Patagonia

Durante mucho tiempo, primero en el imaginario sudamericano y luego en el de algunos europeos y norteamericanos, en parte debido a los libros de ciertos viajeros meticulosos, sobre todo ingleses, sobre todo Chatwin, la Patagonia fue algo semejante a lo que ha sido y sigue siendo el vasto y movedizo territorio de la frontera mexicano-noteamericano. En vez de desierto, pampa; en lugar de pueblos dormidos al sol, caseríos batidos por el viento y por las lluvias australes; en vez de una masa de gente extraña que entona canciones extrañas, unos pocos habitantes y un silencio casi ininterrumpido. En cualquier caso las provincias que conforman el territorio de la Patagonia constituían el último lugar, el lugar sagrado del individuo, el sitio adonde se va únicamente a morir o a dejar que el tiempo pase, que viene a ser casi lo mismo. Uno va a la Patagonia pero también uno huye a la Patagonia.

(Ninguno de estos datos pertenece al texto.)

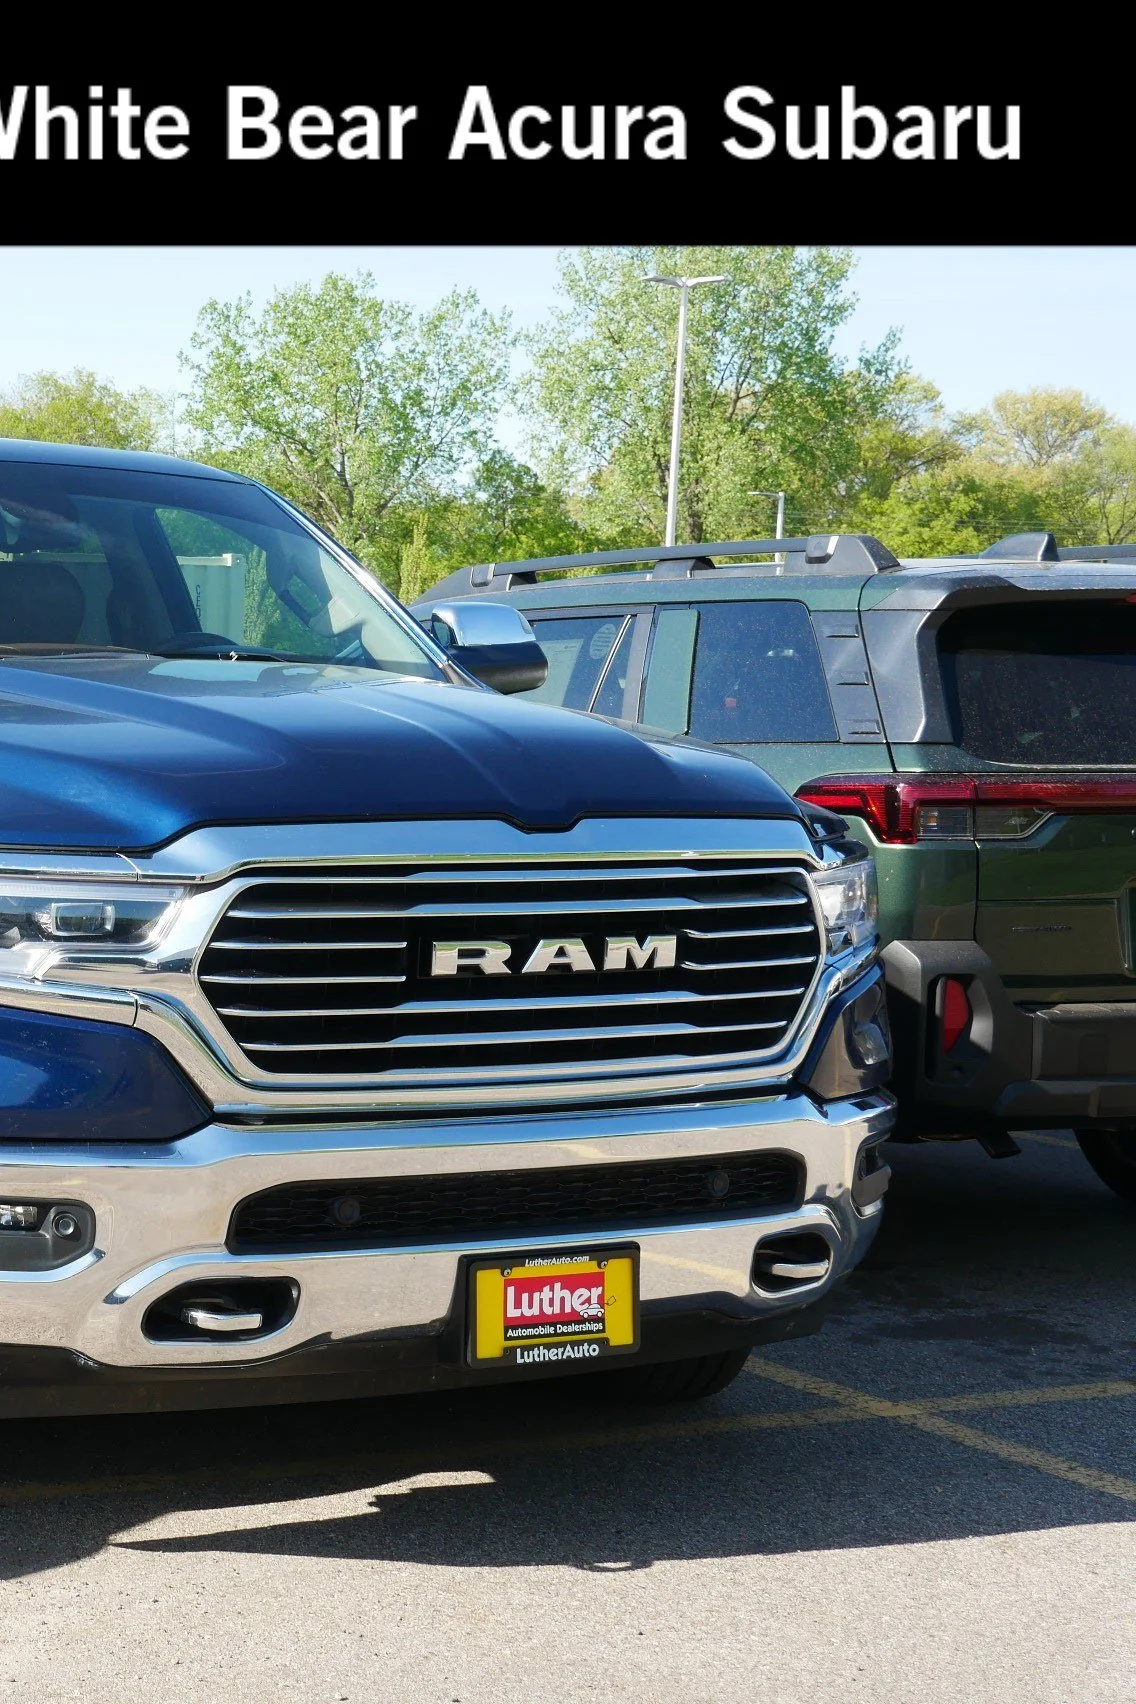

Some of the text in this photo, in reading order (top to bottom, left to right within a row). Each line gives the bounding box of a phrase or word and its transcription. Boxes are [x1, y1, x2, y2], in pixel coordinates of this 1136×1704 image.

[431, 935, 677, 976] RAM
[524, 1256, 590, 1267] LutherAuto.com
[506, 1282, 602, 1318] Luther
[507, 1321, 603, 1338] Automobile Dealerships
[516, 1342, 600, 1364] LutherAuto

La literatura sobre este tipo de huidas no sólo es anglosajona. El protagonista de Sobre héroes y tumbas, de Ernesto Sabato, al final de la novela, cuando todos los sueños han caído y parece abocado a la destrucción, decide subirse a un camión y emprender el viaje al sur. De hecho, el viaje a la Patagonia ya hace tiempo que trascendió los márgenes de la literatura. Hay cuadros en donde los pintores, con más buena voluntad que oficio, ofrecen sus visiones del llano, de los glaciares, de esa tierra desocupada en la que reinan unas temperaturas dignas de cualquier filósofo escolástico en el extremo sur.